WASHINGTON: A man was nearly electrocuted when he slept with his iPhone in his bed as it charged overnight.
The incident happened on March 22 when Wiley Day from Huntsville, Alabama woke up and rolled over, when a dog-tag necklace he was wearing caught the exposed prongs of the charger. The metal chain became a conductor for the electricity and it traveled straight to his neck.
The 32-year-old does not have enough adjectives to describe the jolt he felt saying it was “the eeriest, darkest, most demonic thing you could ever experience.”
Day said he was thrown from his bed to the ground and in a matter of moments, he stopped feeling anything. “Your body is numb at that point,” he said.
“I guess people would think it would be burning, but in my case I felt a whole lot of pressure around my neck.”
Day remembers his eyesight starting to fade and everything was rendered in black and gray. He also became aware of his heartbeat which thundered in his ear. He managed to quickly pull off his necklace.
He shouted for his relatives who slept on the other side of the home. His adult niece came running into the room and alerted him to smoke coming out of the extension cord.
Day suffered severe injures as strips of skin and flesh were missing where the metal chain had scorched his neck. The necklace also burned into parts of his hands where he had gripped the chain to pull it off.
“I just believe that God spared my life, and that’s what happened,” he said. Day was immediately admitted to hospital and had suffered second- and third-degree burns to his hands and neck.
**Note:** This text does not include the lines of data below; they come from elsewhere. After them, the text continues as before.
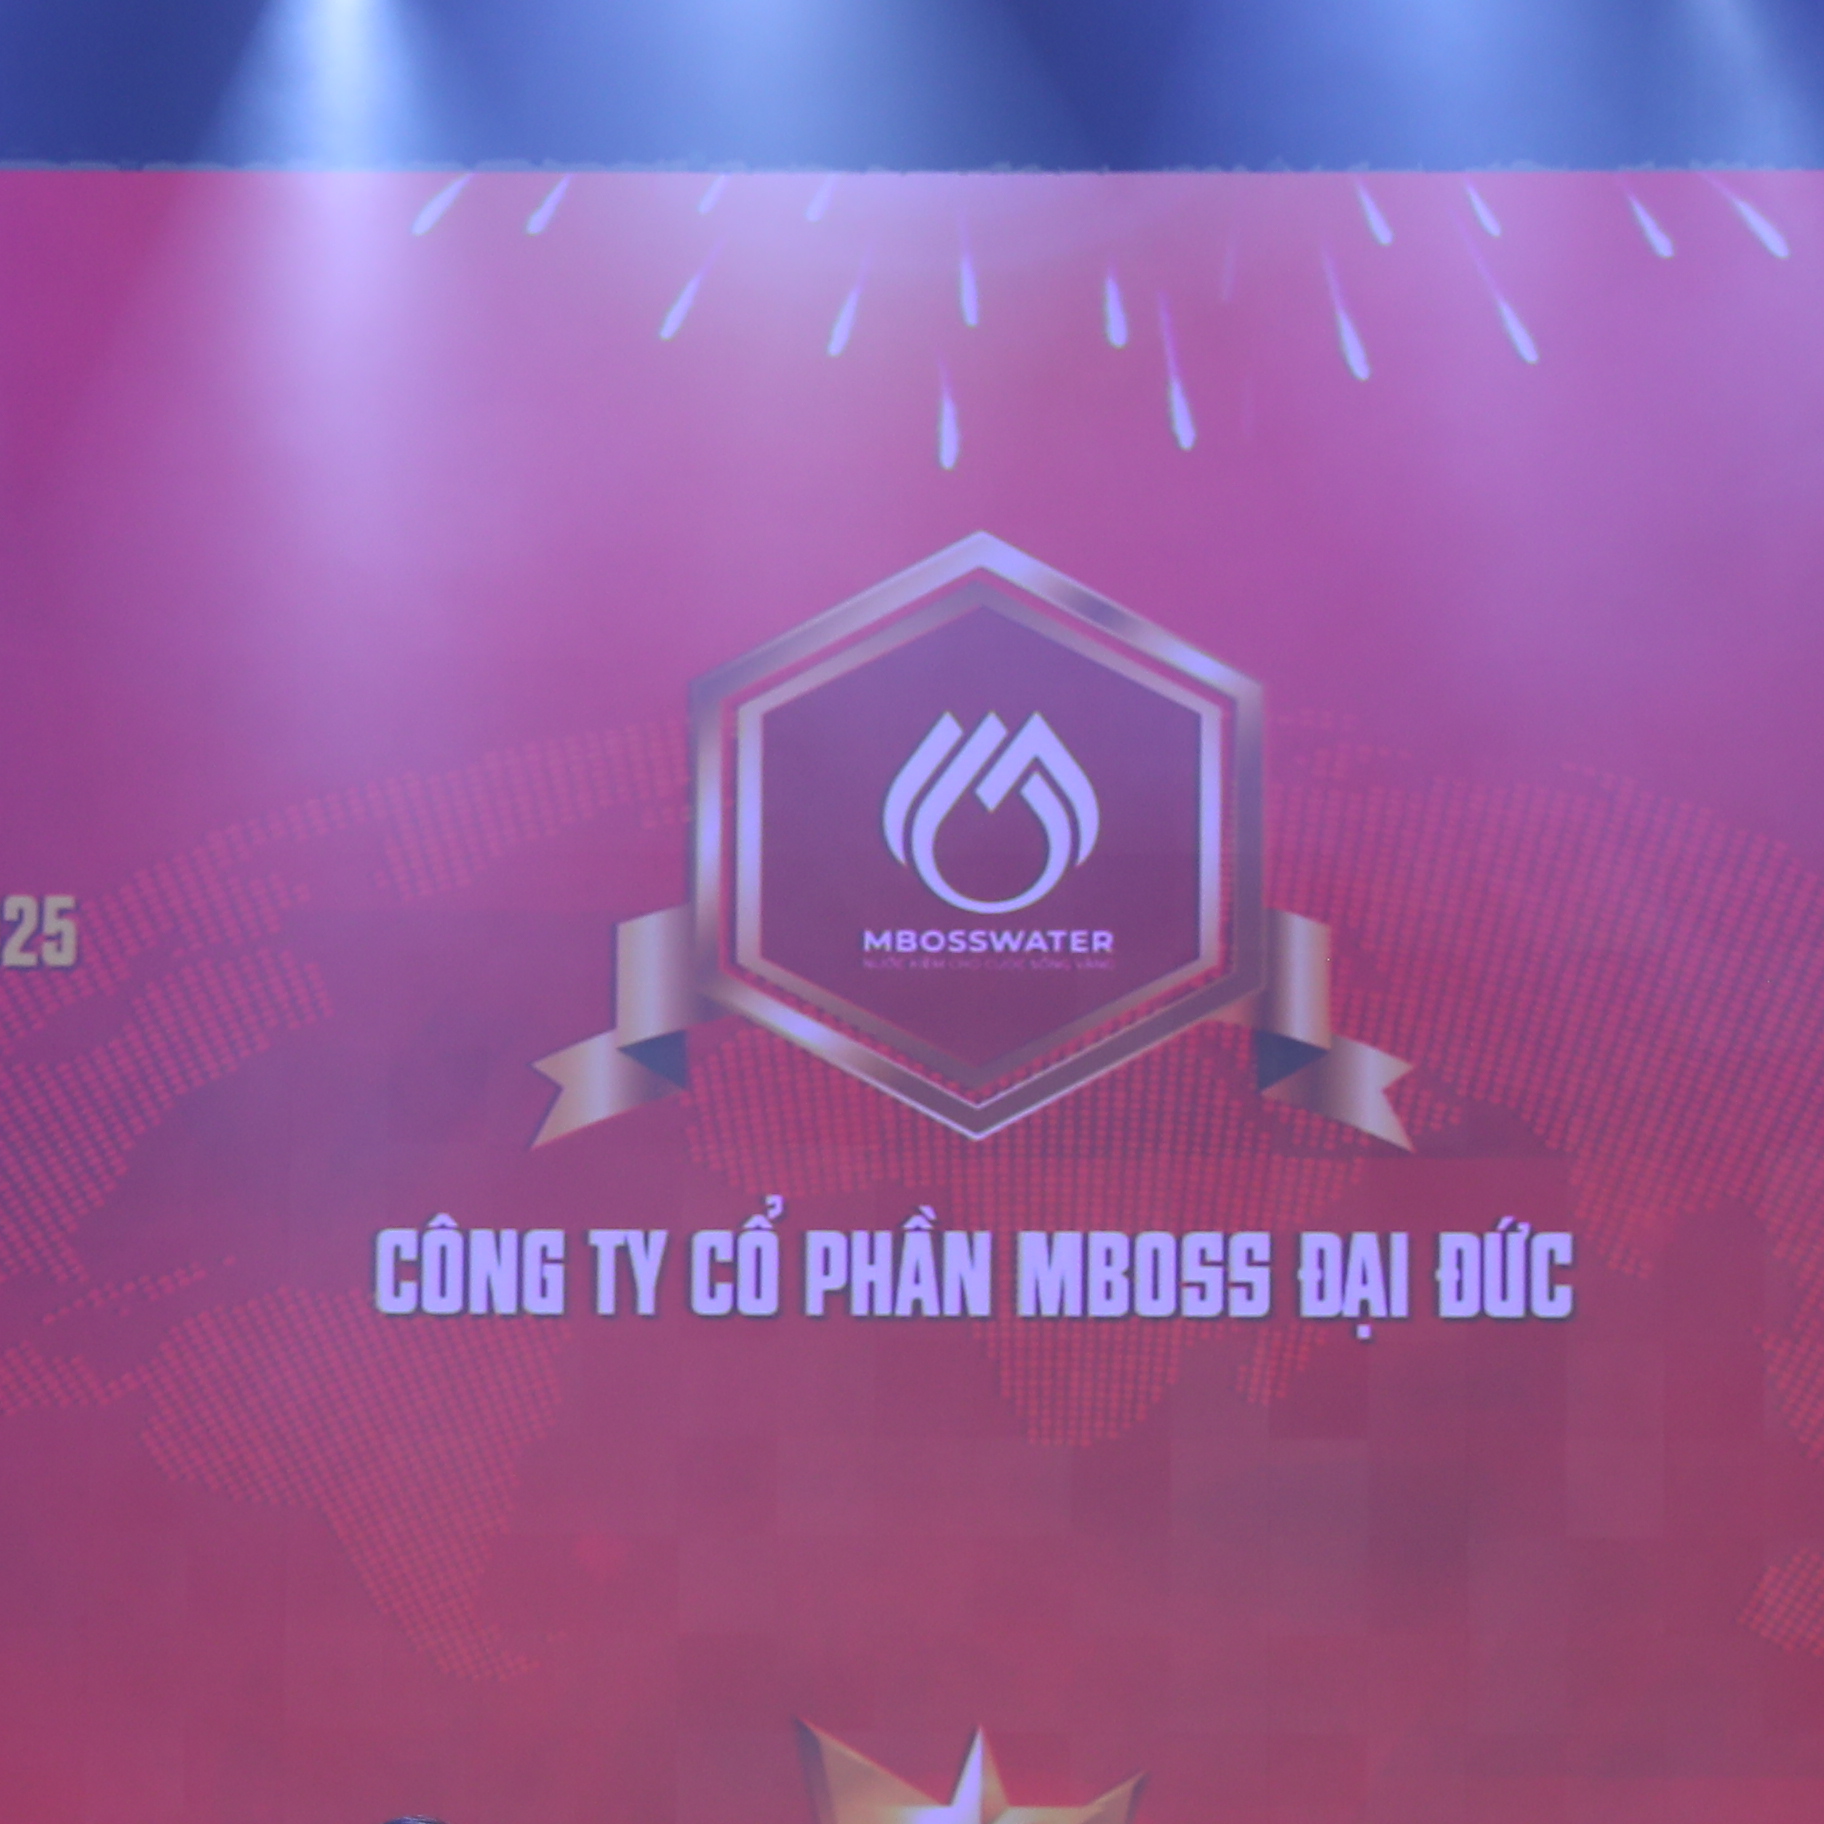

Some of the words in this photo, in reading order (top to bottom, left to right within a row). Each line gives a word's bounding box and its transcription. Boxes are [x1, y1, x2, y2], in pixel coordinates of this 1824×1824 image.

[862, 928, 1114, 954] MBOSSWATER
[375, 1211, 565, 1316] CÔNG
[588, 1228, 669, 1316] TY
[690, 1193, 784, 1316] CỔ
[804, 1204, 992, 1317] PHẦN
[1016, 1230, 1271, 1318] MBOSS
[1297, 1230, 1409, 1340] ĐẠI
[1435, 1215, 1574, 1318] ĐỨC
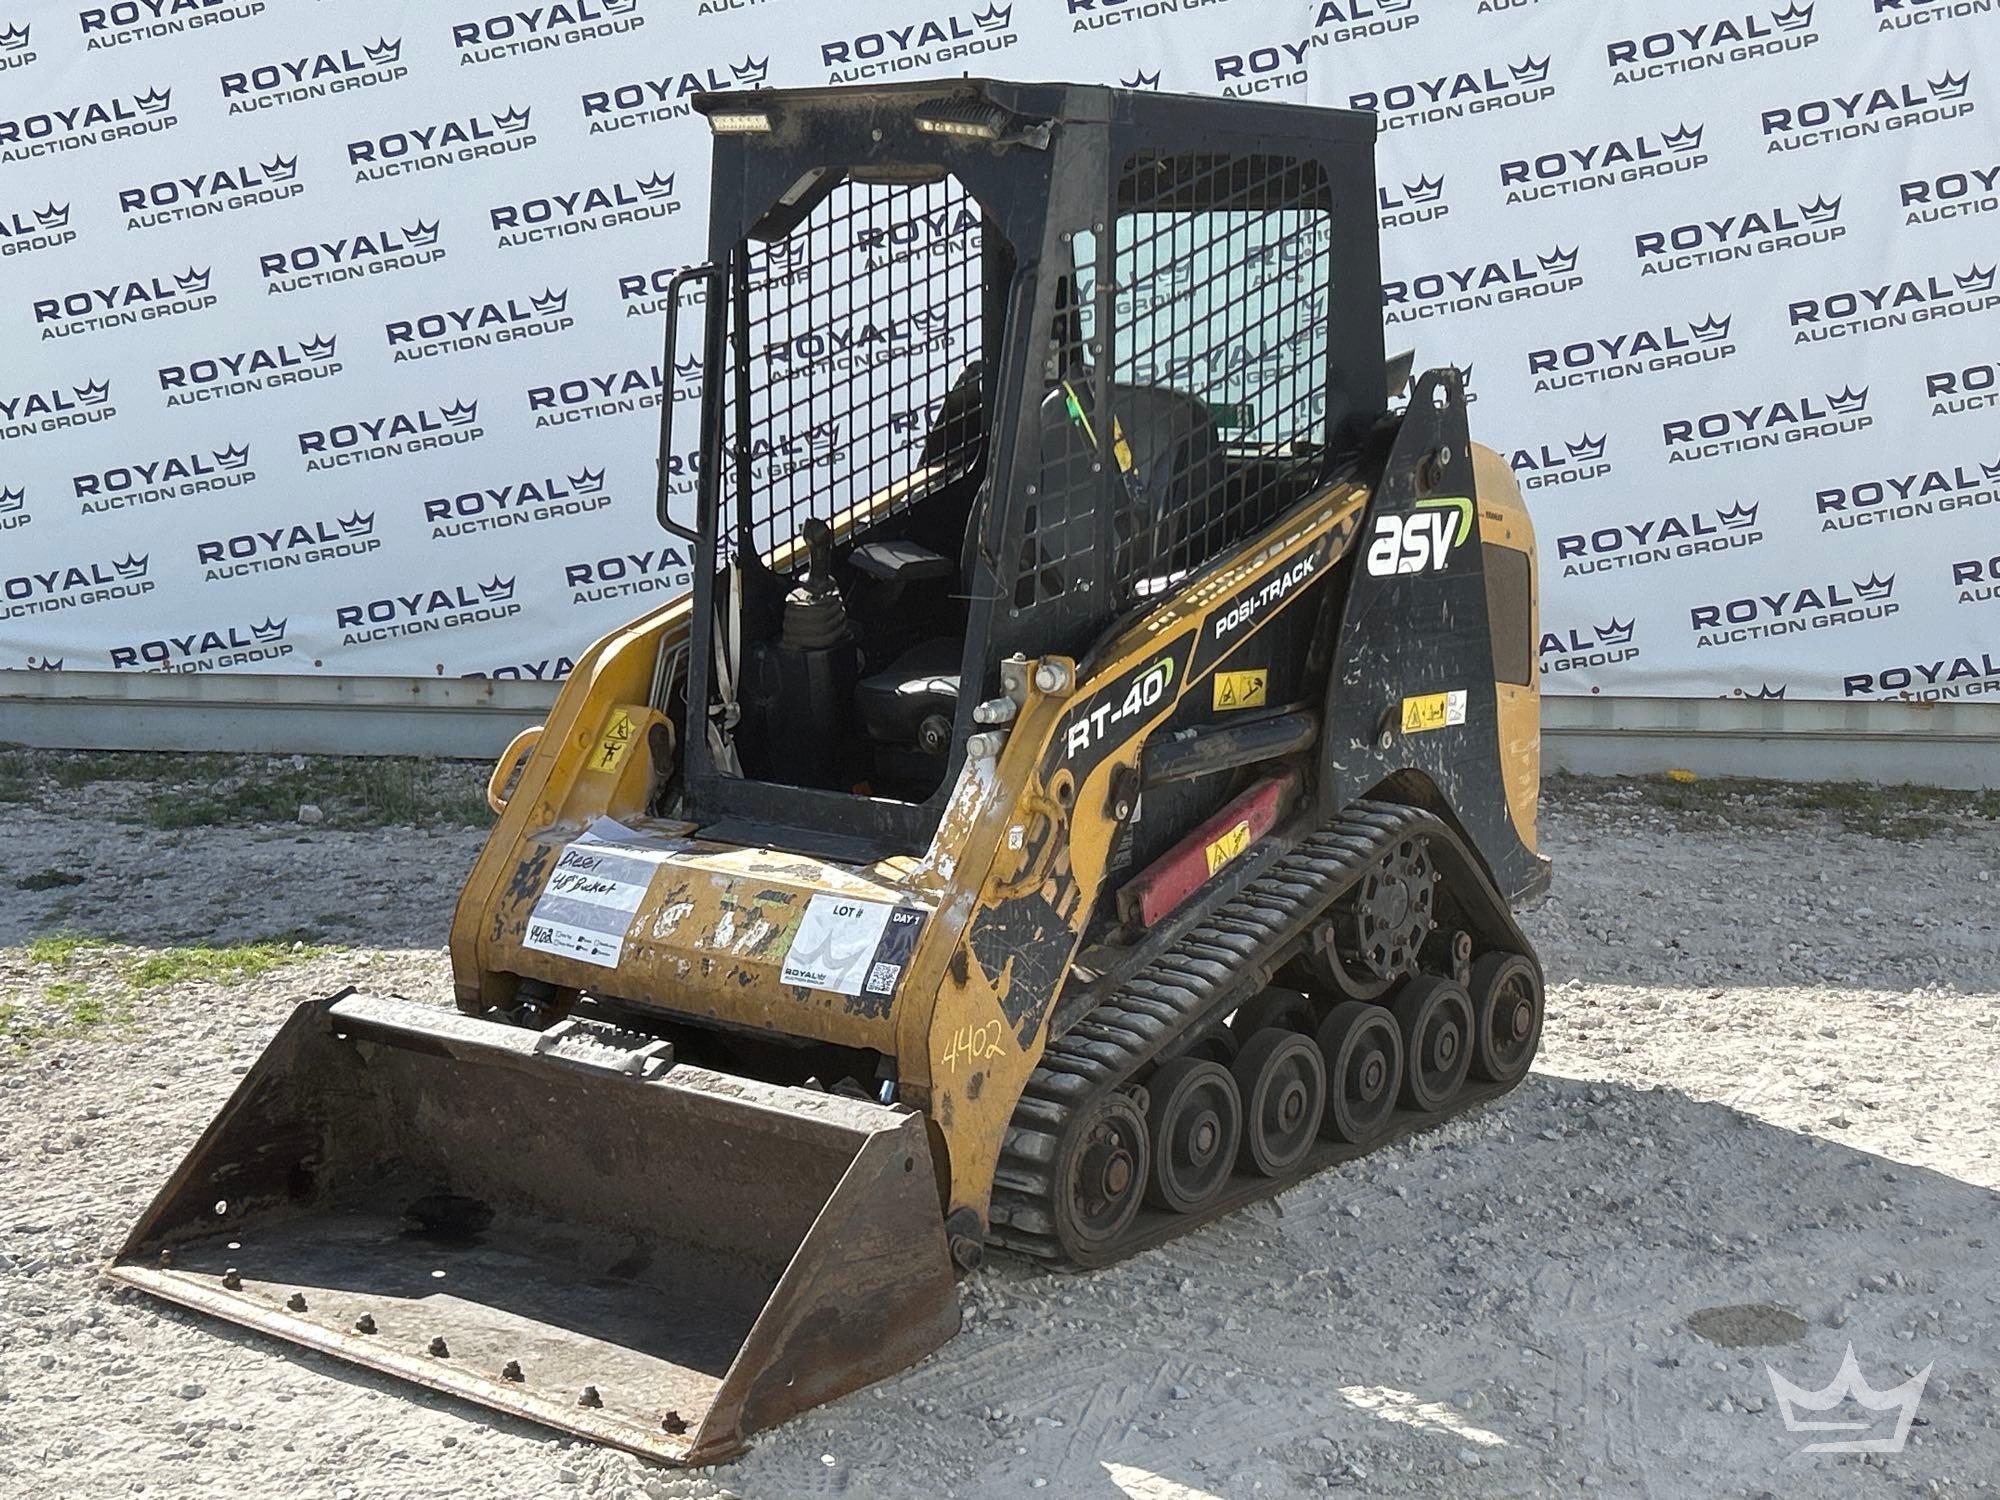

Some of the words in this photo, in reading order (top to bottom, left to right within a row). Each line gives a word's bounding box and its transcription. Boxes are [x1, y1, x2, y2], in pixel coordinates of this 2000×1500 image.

[87, 20, 184, 51] AUCTION
[188, 2, 265, 28] GROUP
[453, 0, 601, 48] ROYAL
[1073, 0, 1178, 33] AUCTION
[1334, 15, 1419, 42] GROUP
[1879, 0, 1991, 32] AUCTION
[461, 34, 560, 66] AUCTION
[565, 17, 644, 43] GROUP
[821, 17, 973, 67] ROYAL
[829, 52, 931, 85] AUCTION
[936, 34, 1017, 62] GROUP
[1215, 39, 1310, 81] ROY
[1607, 15, 1771, 67] ROYAL
[1613, 52, 1724, 86] AUCTION
[1730, 34, 1818, 61] GROUP
[220, 50, 365, 97] ROYAL
[229, 84, 326, 116] AUCTION
[330, 67, 407, 93] GROUP
[581, 69, 731, 117] ROYAL
[1223, 70, 1307, 98] AUCTIO
[0, 99, 136, 145] ROYAL
[590, 103, 690, 135] AUCTION
[1377, 104, 1463, 132] UCTION
[1469, 86, 1555, 114] GROUP
[1761, 84, 1927, 135] ROYAL
[1767, 121, 1879, 154] AUCTION
[1886, 103, 1974, 130] GROUP
[2, 133, 97, 163] AUCTION
[101, 116, 177, 142] GROUP
[347, 118, 494, 165] ROYAL
[355, 152, 453, 183] AUCTION
[458, 135, 536, 161] GROUP
[1500, 136, 1662, 186] ROYAL
[119, 166, 262, 213] ROYAL
[1506, 173, 1615, 205] AUCTION
[1621, 155, 1708, 182] GROUP
[1900, 166, 2000, 207] ROY
[127, 201, 223, 231] AUCTION
[228, 184, 304, 209] GROUP
[490, 184, 638, 231] ROYAL
[498, 218, 597, 248] AUCTION
[602, 201, 681, 227] GROUP
[1381, 206, 1448, 229] ROUP
[1906, 198, 1998, 226] AUCTIO
[2, 231, 76, 256] GROUP
[260, 231, 404, 277] ROYAL
[1635, 208, 1799, 258] ROYAL
[1641, 244, 1752, 277] AUCTION
[1758, 226, 1846, 253] GROUP
[268, 265, 364, 295] AUCTION
[369, 249, 446, 274] GROUP
[1383, 258, 1537, 306] ROYAL
[33, 278, 176, 323] ROYAL
[42, 311, 137, 341] AUCTION
[141, 295, 217, 320] GROUP
[386, 300, 531, 345] ROYAL
[1385, 294, 1492, 325] AUCTION
[1498, 277, 1583, 303] GROUP
[1789, 277, 1953, 326] ROYAL
[1794, 313, 1906, 345] AUCTION
[1912, 296, 2000, 322] GROUP
[394, 333, 491, 363] AUCTION
[496, 317, 574, 342] GROUP
[1528, 326, 1689, 375] ROYAL
[158, 345, 301, 390] ROYAL
[167, 379, 262, 408] AUCTION
[267, 363, 343, 387] GROUP
[1534, 362, 1643, 393] AUCTION
[1649, 345, 1736, 371] GROUP
[0, 390, 75, 420] YAL
[41, 407, 116, 431] GROUP
[536, 399, 634, 429] AUCTION
[1663, 398, 1826, 445] ROYAL
[1932, 393, 1999, 416] AUCT
[298, 410, 442, 455] ROYAL
[306, 443, 402, 472] AUCTION
[407, 428, 484, 452] GROUP
[1669, 433, 1779, 464] AUCTION
[1785, 416, 1873, 443] GROUP
[73, 454, 214, 498] ROYAL
[81, 487, 176, 515] AUCTION
[180, 472, 256, 496] GROUP
[1526, 464, 1611, 489] GROUP
[1816, 467, 1980, 514] ROYAL
[424, 479, 569, 522] ROYAL
[432, 511, 529, 539] AUCTION
[534, 496, 611, 520] GROUP
[1822, 502, 1933, 532] AUCTION
[1939, 490, 2000, 511] GRO
[197, 522, 340, 565] ROYAL
[1557, 513, 1717, 560] ROYAL
[1563, 547, 1671, 578] AUCTION
[1677, 532, 1763, 557] GROUP
[5, 564, 114, 600] OYAL
[205, 554, 301, 582] AUCTION
[305, 539, 381, 563] GROUP
[565, 546, 691, 587] ROYA
[0, 596, 76, 620] UCTION
[80, 581, 155, 604] GROUP
[336, 586, 479, 629] ROYAL
[573, 576, 671, 605] AUCTION
[1215, 556, 1315, 639] POSI-TRACK
[1691, 585, 1853, 630] ROYAL
[343, 618, 440, 646] AUCTION
[444, 604, 521, 627] GROUP
[1697, 619, 1806, 648] AUCTION
[1812, 603, 1899, 628] GROUP
[109, 628, 251, 669] ROYAL
[218, 645, 293, 667] GROUP
[1554, 648, 1639, 671] GROUP
[1066, 670, 1164, 760] RT-40
[832, 905, 855, 917] LOT
[893, 913, 914, 923] DAY
[785, 968, 816, 980] ROYAL
[941, 1019, 1007, 1073] 4402
A physician Benjamin Fail told a local radio station that 100 volts of electricity can kill a person, while he estimates that Day was hit with 110 volts. “He is lucky to be alive,” Fail told the station. “Electrocution kills.”
Day was released after three days in the hospital. It took several days before he returned sleeping in the same room where the accident happened.
He said that he wanted to share his story to let others know of the possible dangers of charging electronics in bed.
Day said he works as behavior specialist at a middle school where he has seen students who cannot part from their phones. Many people including adults have reached to him saying they have the same habit.
Day has since started charging his iPhone in the kitchen — far away from his bedroom.
Speaking of his experience he said it’s not worth charging electronics in bed. “I wouldn’t wish what happened to me on my worst enemy.”